Growers in states that have legalized recreational or medical cannabis are facing at least at least one key challenge: More than 90% of what they grow is considered refuse or plant waste, for which disposal is expensive.
This dual situation has created a burgeoning industry to explore new methods for using the whole hemp plant and more sustainable ways to extract value from its stalk and hurd, the woody inner part of the stalk.

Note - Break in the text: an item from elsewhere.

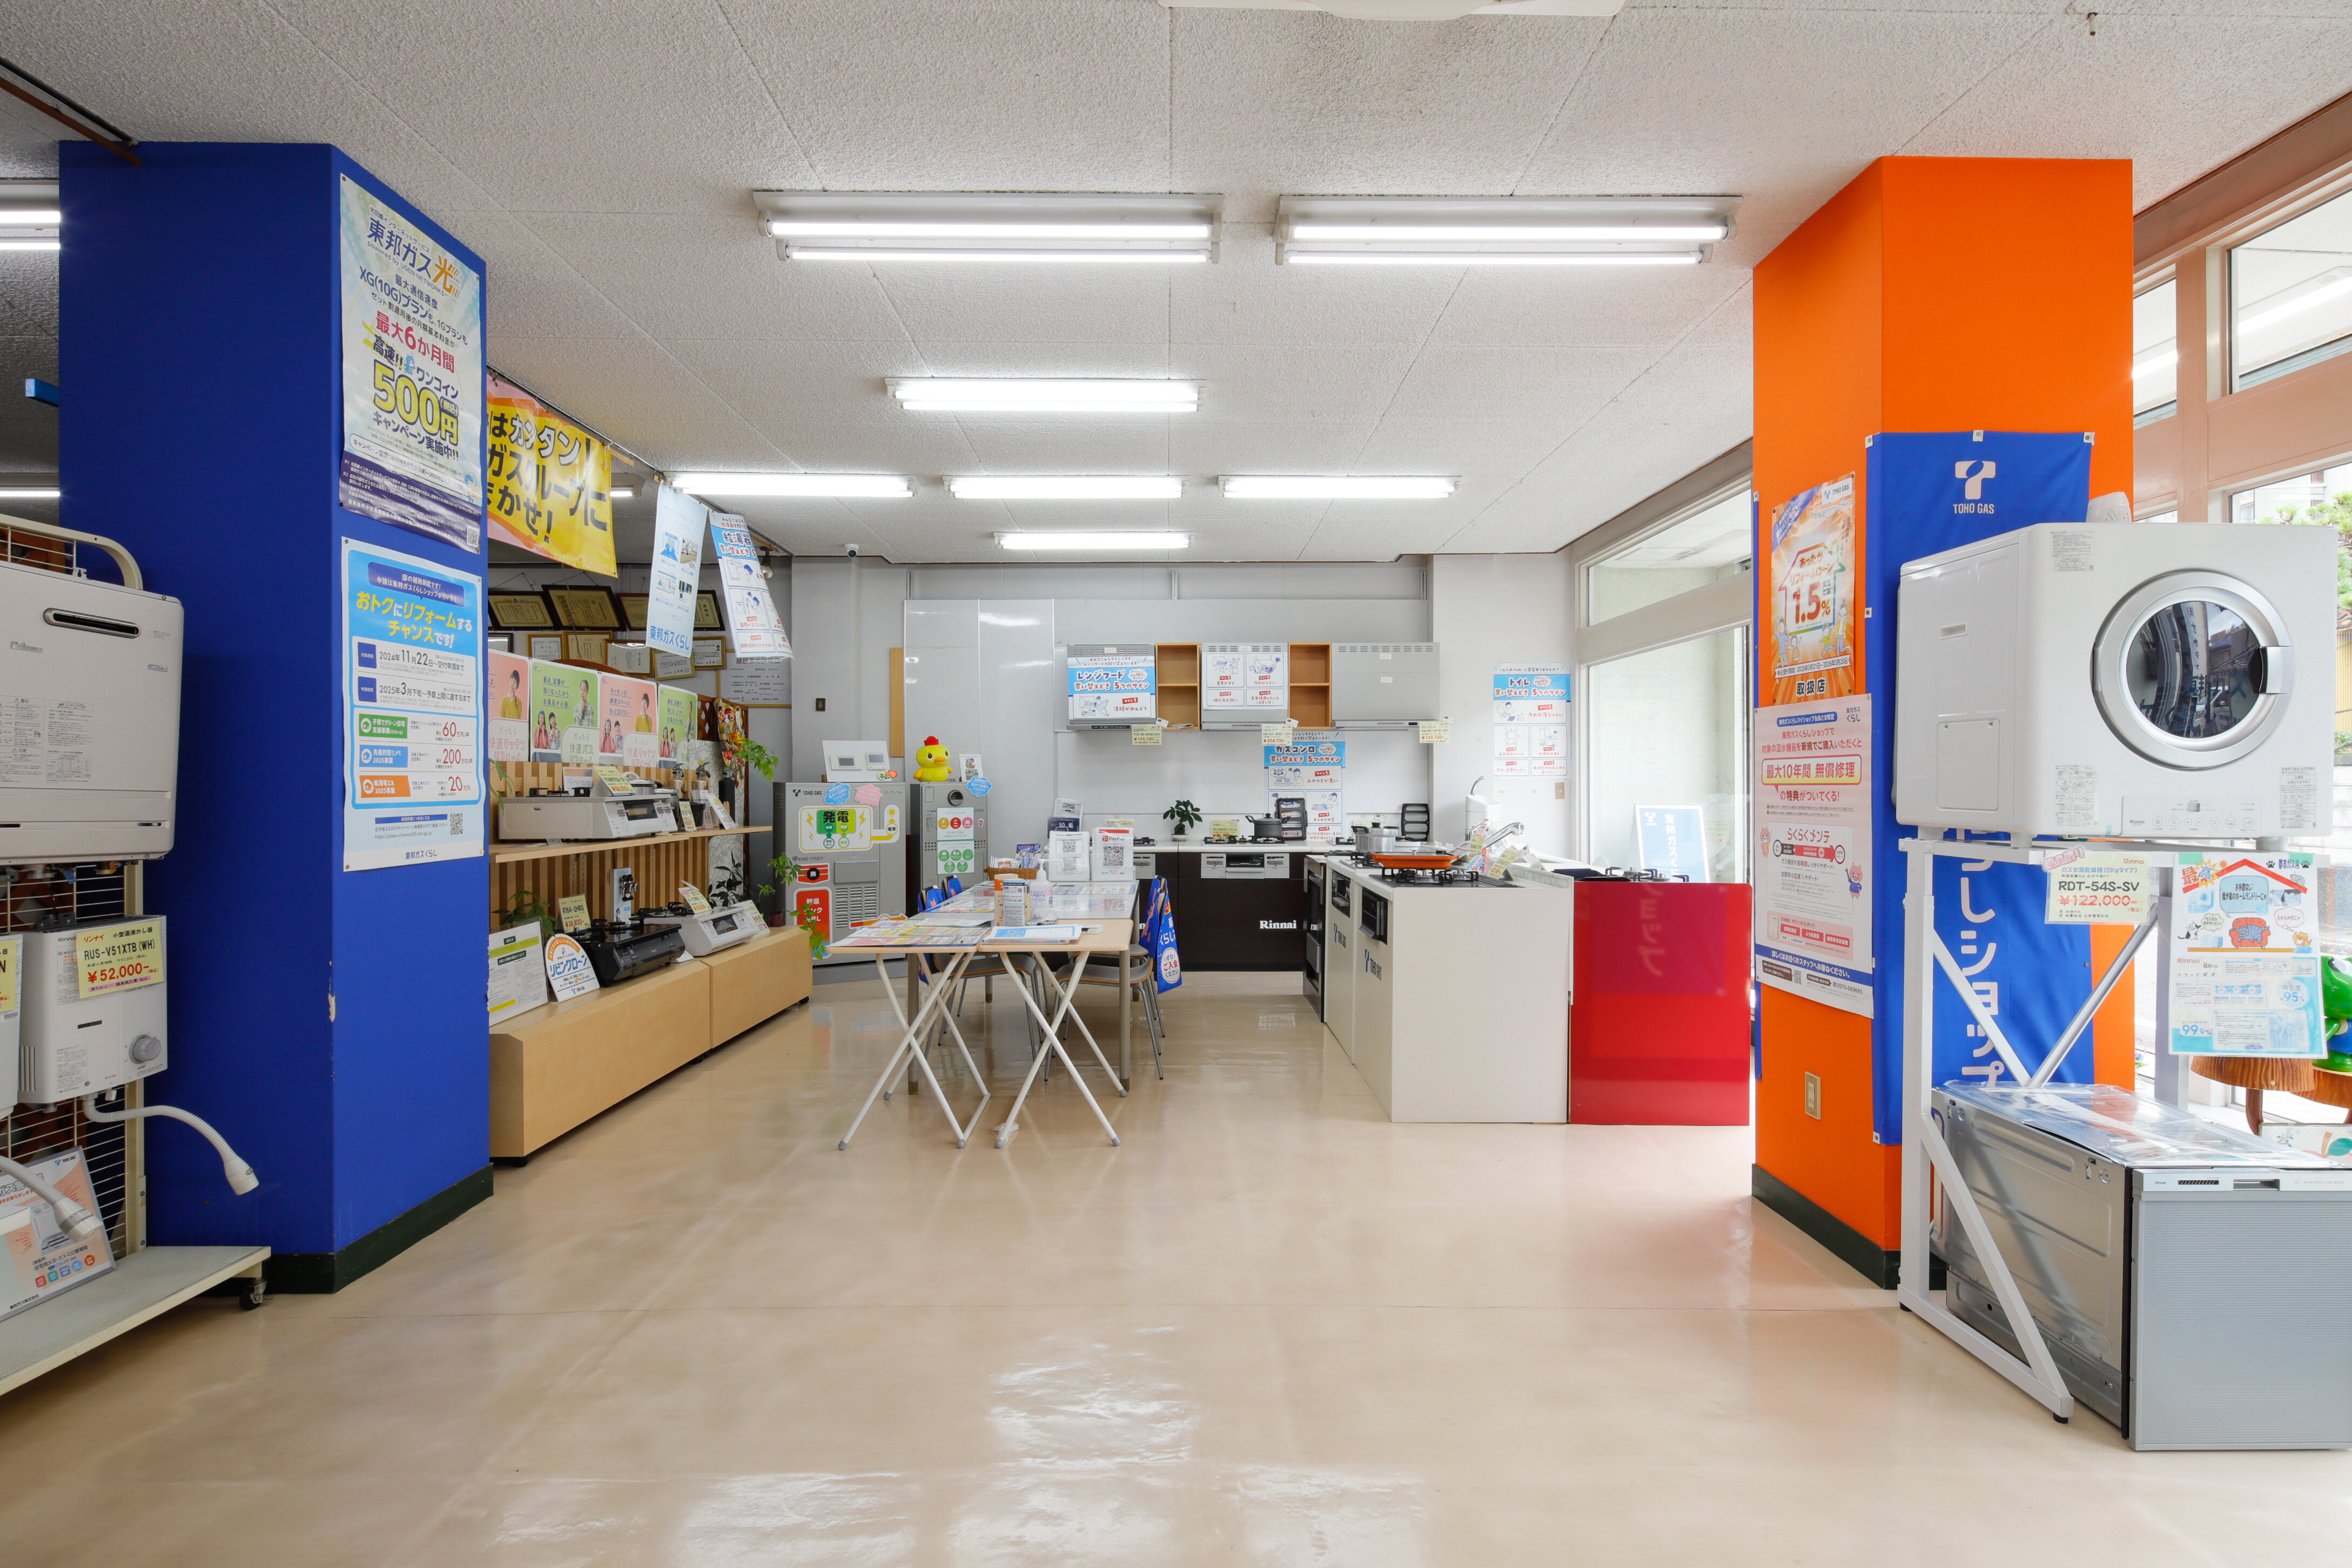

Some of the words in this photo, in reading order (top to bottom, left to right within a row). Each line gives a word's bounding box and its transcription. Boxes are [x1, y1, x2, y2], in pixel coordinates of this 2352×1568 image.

Charles Cai, a Research Engineer and Adjunct Professor at University of California, Riverside’s College of Engineering Center for Environmental Research and Technology, has developed and patented an improved pulping method that uses a naturally derived solvent, creates no toxic waste, emits no carbon dioxide, and converts nearly 100% of the hemp plant into usable components, such as cellulose fiber for use in textiles and construction, resinous lignin for use in bioplastics, sugars for use as sweeteners, and extractives for use in wellness products.
The method, called Co-solvent Enhanced Lignocellulosic Fractionation, or CELF, uses a renewable and highly recyclable solvent to perform pulping under mild conditions, saving process energy while generating zero harmful emissions. The only waste is a small amount of mineral ash that is filtered out of the process and can be used as a soil amendment. CELF was originally conceived to help convert plant waste into biofuels. However, its effectiveness at deconstructing plant matter makes it a Swiss Army knife for all plant processing. Its scientific merit was recently proven by one of the world’s fastest supercomputers.
Now, Cai is working with a team of undergraduate students to commercialize the hemp-processing technology through funding from the EPA’s People, Prosperity and the Planet Program, or EPA P3. Last year, the team demonstrated proof of concept for using the CELF pulping method, using it to make an improved type of hempcrete, a concrete-like, carbon sequestering building material made from hemp fibers.